JP5388651B2 - Surface treatment method for cast iron pipe and cast iron pipe - Google Patents

Description

The present invention relates to a cast iron pipe surface treatment method and a cast iron pipe .

  In general, cast iron pipes buried in the ground are formed with an anticorrosion film on the outer surface in order to prevent corrosion due to groundwater or the like. As this anticorrosion film, it is known to form a thermal sprayed film by spraying a metal or the like in addition to the coated film (for example, Patent Document 1). Thermal sprayed coatings are used as anticorrosive coatings for buried cast iron pipes and the like that are required to be durable because they are excellent in mechanical durability to withstand impacts and friction such as backfilled sand.

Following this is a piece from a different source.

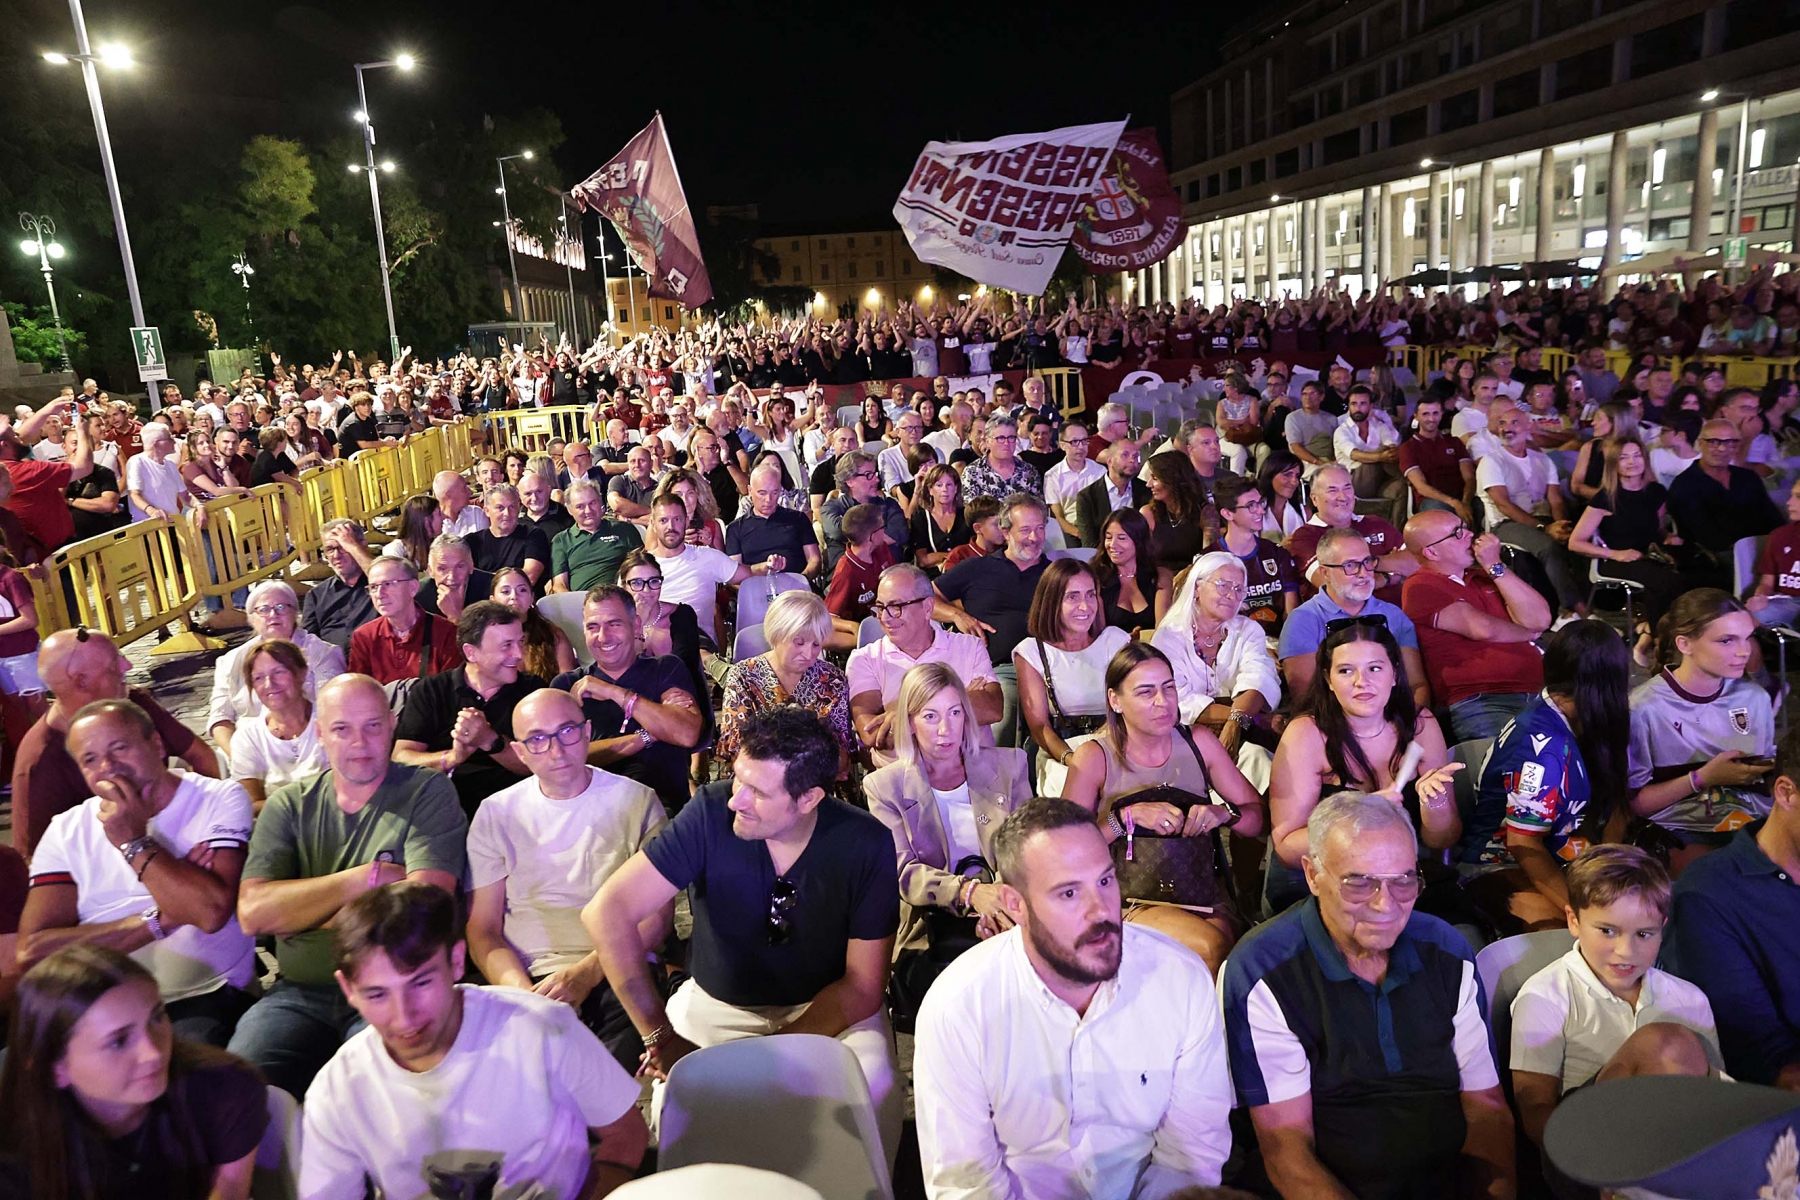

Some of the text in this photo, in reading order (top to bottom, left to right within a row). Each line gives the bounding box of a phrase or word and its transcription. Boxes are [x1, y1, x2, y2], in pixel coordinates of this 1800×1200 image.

  However, as shown in FIG. 5, the thermal spray coating has many voids and cracks in the state of being sprayed, and in such a state where there are many voids and cracks, the anticorrosion performance is deteriorated. . The thermal spray coating is also formed on materials other than cast iron pipes, but for thermal spray coatings formed on materials other than these cast iron pipes, holes formed of the voids and cracks are formed after the thermal spray coating is formed. Sealing treatment may be performed, and by performing this sealing treatment, the physical properties of the sprayed coating and the chemical properties such as the anticorrosion performance of the sprayed coating are improved. Therefore, it is conceivable to apply such sealing technology to a sprayed coating of a cast iron pipe.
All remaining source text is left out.